Roosevelt endorses the new group. His typewritten reply is signed, simply, “FDR.”

And so the Central Intelligence Agency is born.

*   *   *

As history will show, both Roosevelt and Donovan are taking their eyes off the ball much too early. Adolf Hitler and the armies of Nazi Germany are far from conquered. As Wild Bill Donovan strategizes about postwar power consolidation, Wehrmacht soldiers, guns, and tanks are quietly grouping near the German border. They do so under strict radio silence, lest the Americans hear their chatter and anticipate the biggest surprise attack since Pearl Harbor.

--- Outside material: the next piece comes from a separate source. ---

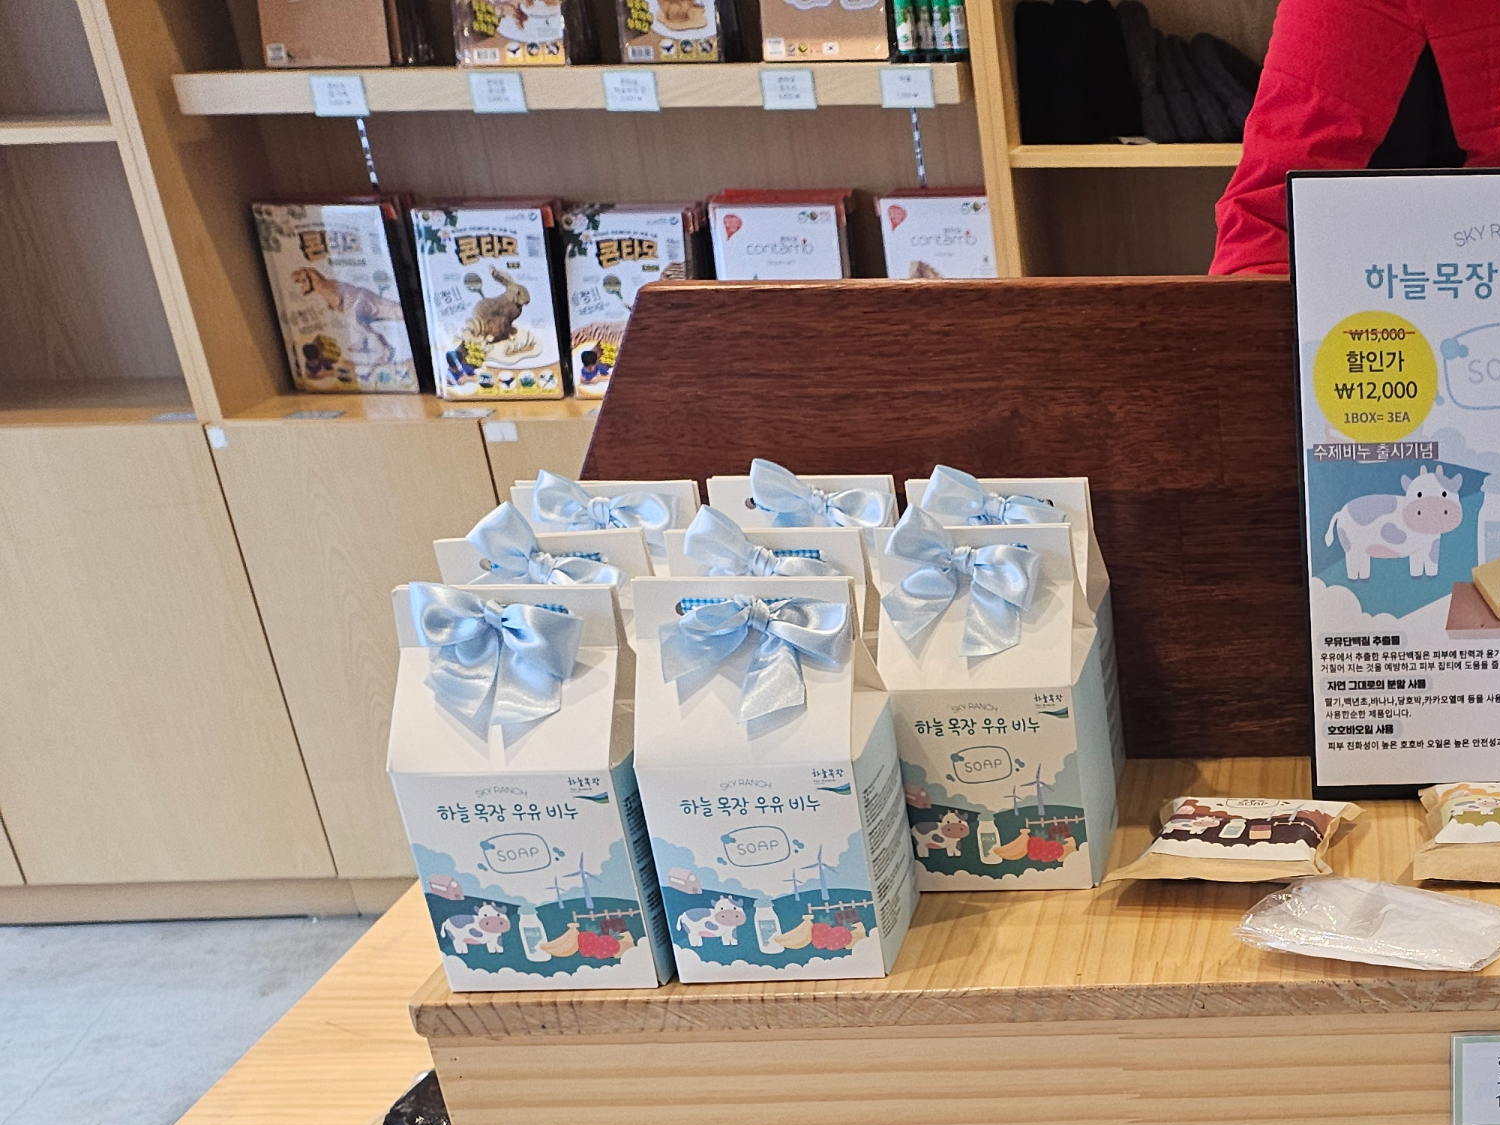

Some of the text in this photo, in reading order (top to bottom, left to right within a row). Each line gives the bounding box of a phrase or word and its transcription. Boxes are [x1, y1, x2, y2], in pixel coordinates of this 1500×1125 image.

The Germans face west, toward the American lines, and the thick wilderness in Belgium known as the Ardennes Forest. It is here that U.S. forces are weakest, because it is assumed that an attack through this primeval wood is impossible. To tilt the odds even further in the Germans’ favor, it has been ascertained that George Patton and his Third Army are more than one hundred miles southeast, still in dire need of gasoline, guns, and soldiers—and still unable to conquer Metz.

Hitler and his generals are sure that Operation Watch on the Rhine will be a successful counterattack that not even the great George Patton can thwart. The Nazis are poised to turn defeat into victory with this counterattack and the development of a new atomic weapon that Hitler believes is almost ready.

The Führer is still certain of ultimate victory.

Very certain.

6

WAR ROOM

THIRD ARMY HEADQUARTERS

NANCY, FRANCE

DECEMBER 9, 1944

7:00 A.M.

Col. Oscar Koch thinks that Hitler is up to something.

The G-2, as General Patton’s top intelligence officer1 is known in military parlance, is certain that the German army is far from defeated. In fact, he is the only intelligence officer on the Allied side who believes that the Wehrmacht is poised to launch a withering Christmas counteroffensive.

Only, until now, nobody will listen to him.

The sun has not yet risen on what promises to be yet another bitter cold and wet day in eastern France. Koch stands amid the countless maps lining the walls of his beloved War Room, thirty miles south of the front lines. The forty-six-year-old career soldier stands ramrod straight. He is bald, and wears thick glasses that give him a professorial air.

Just a few feet away, George S. Patton sits in a straight-backed wooden chair as Koch begins the morning intelligence briefing. Patton wears a long overcoat and scarf to ward off the cold, even indoors. He is pensive, and eager to be once again on the attack. In just ten days, Patton is launching his Operation Tink, a bold new offensive that will take the Third Army into the heart of Nazi Germany for the first time. Metz has finally fallen after two long months of battle. Patton systematically worked his way toward Metz, bypassing the network of forts as needed, while at the same time depriving their inhabitants of food and water. Fort Driant surrendered on December 8, 1944. The invasion of Germany now awaits. Patton plans to cross the Rhine and press hard toward Frankfurt, then on to Berlin.